Electronic health records are becoming more prevalent, and the numbers prove that more companies and health providers have been looking into document solutions to put their patient records, financial information and more into an electronic format. IDC Health Insight reports that by 2016, more than 80% of healthcare providers will have an electronic healthcare system in place, something that will increase efficiency, improve patient satisfaction and save money across the medical field.
IDC MarketScape, USA Ambulatory EMR/EHR for Midsize and Large Practices 2011 Vendor Assessment, looked at systems by large vendors and surveyed healthcare providers. Judy Hanover, research director at IDC Health Insights, told InformationWeek Healthcare that there is a big commitment by both healthcare providers and vendors to make these solutions work. Some tools are more usable than others, but it will most likely pick up with the amount of interest healthcare providers have in electronic records. With better functions across the board, the healthcare industry should see their workflow improve and productivity increase.
“We’re talking about chart capture, we’re talking about being able to manage data, document phone calls, document communications, prepare a medical history, have easy access to a patient’s medical history, generate alerts to help with order entry and with e-prescribing to protect patient safety – that’s what I’m talking about when I talk about functionality in the mid-to-large size practice EHR,” Hanover said.
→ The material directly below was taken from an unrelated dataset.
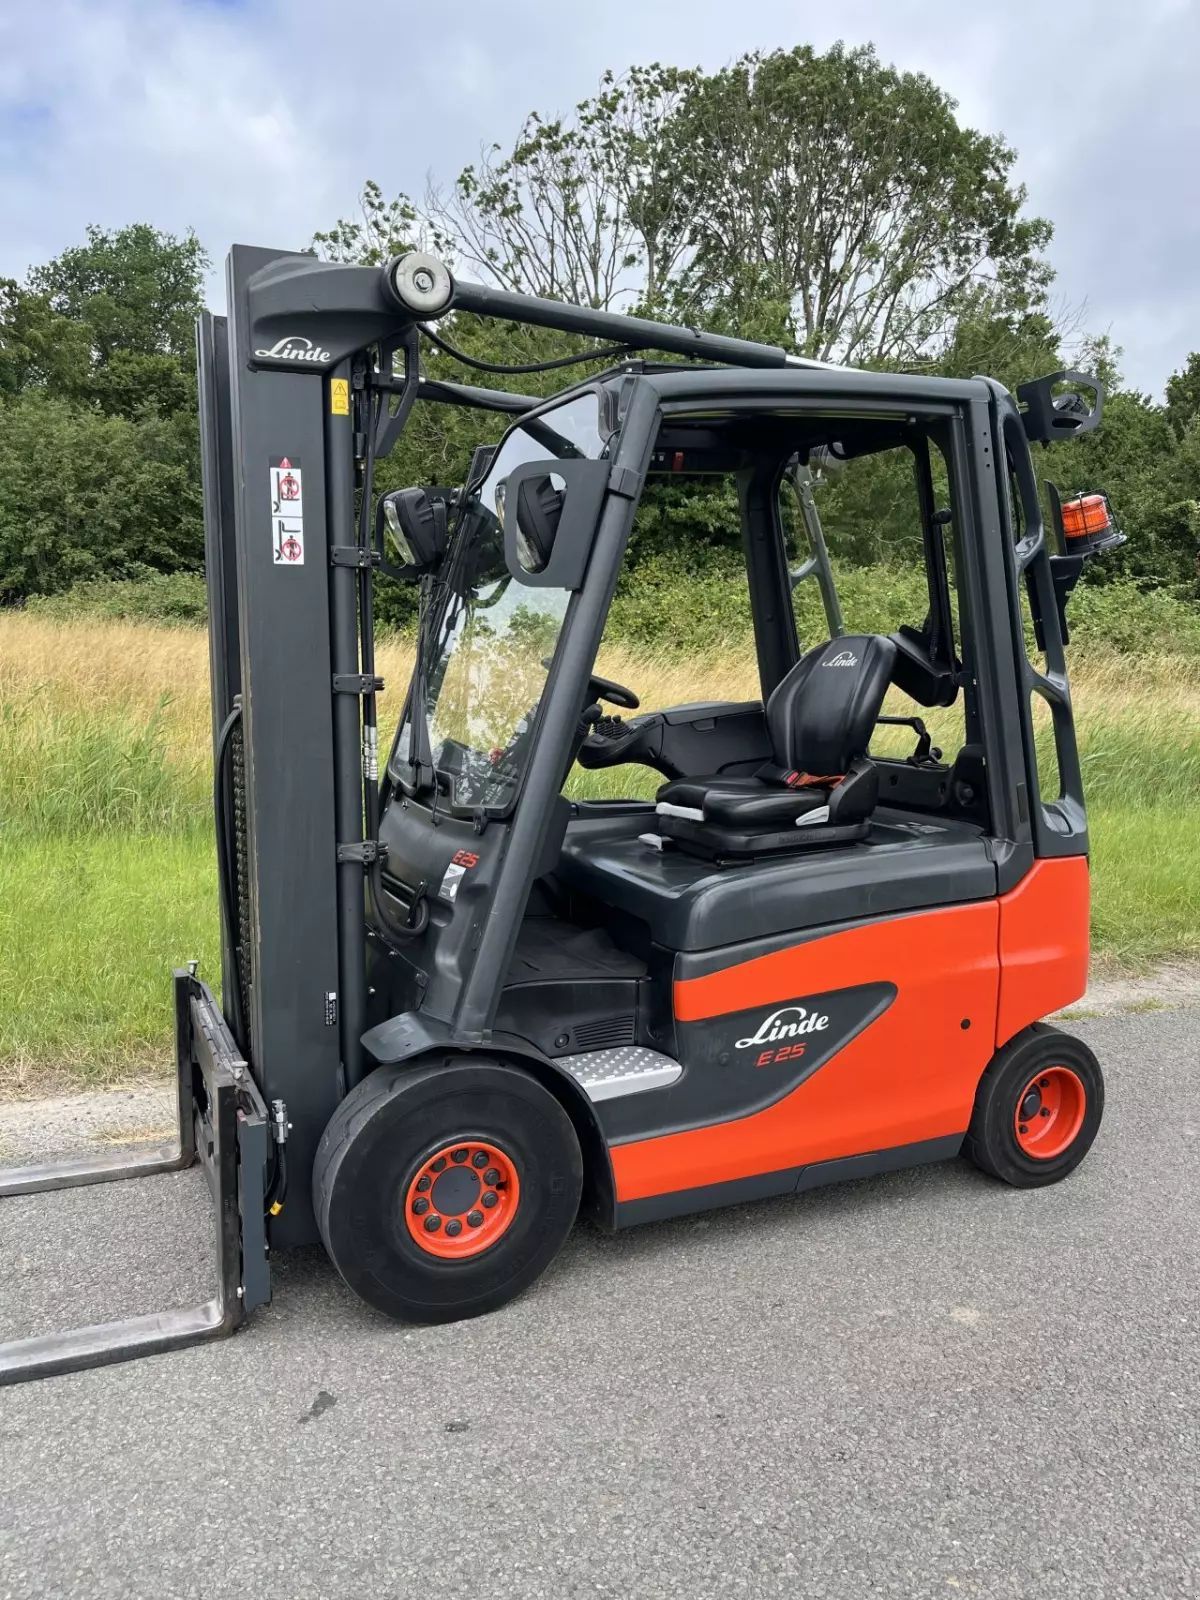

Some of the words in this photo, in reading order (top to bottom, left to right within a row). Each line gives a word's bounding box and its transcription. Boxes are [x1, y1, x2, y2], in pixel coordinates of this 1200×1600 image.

[254, 336, 331, 363] Linde
[821, 650, 858, 667] Linde
[734, 1006, 830, 1049] Linde
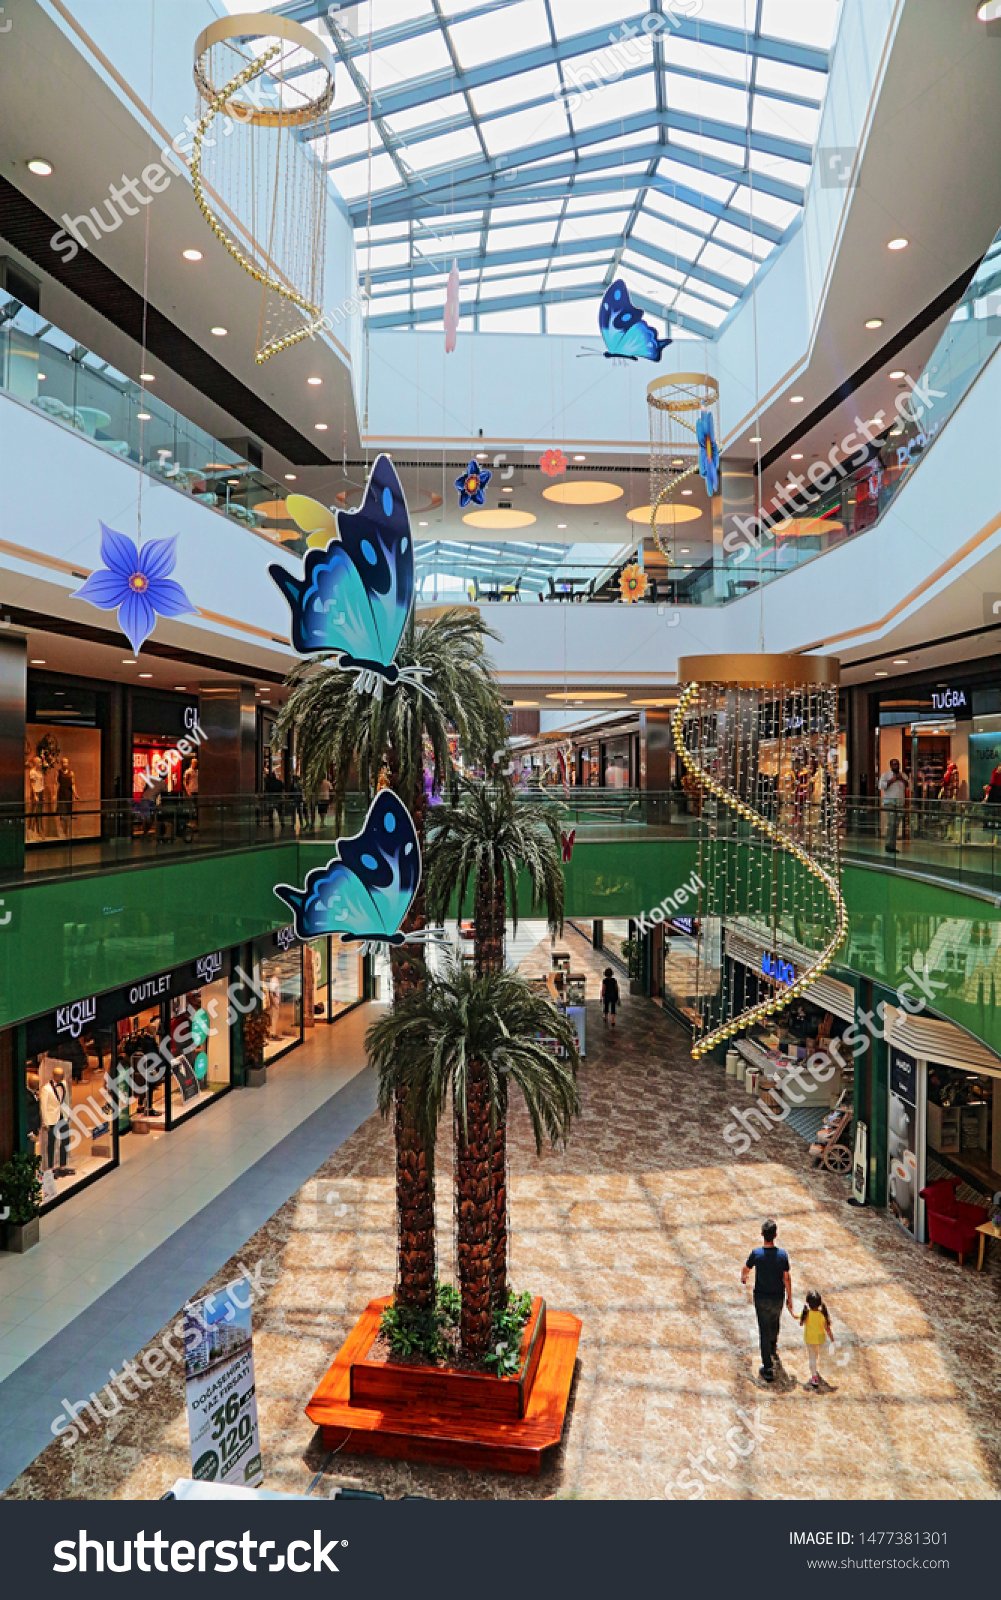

The 80 percent-plus adoption rate would be a vast improvement from the 25 percent adoption rate that was seen in 2009 among healthcare companies. The U.S. Centers for Medicare & Medicaid Services said a program can help reduce the incidence of medical error by improving the clarity of the records, making patient health information more readily available to patients and their families, as well as other doctors, and helping to inform all involved on how to make better medical decisions.
CMMS said the health record systems include progress notes, vital signs, past medical history and more. It also has the ability to support other activities of the patient and give more analytics to help see what the potential procedures or care could be.
“EHRs are the next step in the continued progress of healthcare that can strengthen the relationship between patients and clinicians,” according to the government website, which is pro document solutions for the medical industry. “The data, and the timeliness and availability of it, will enable providers to make better decisions and provide better care.”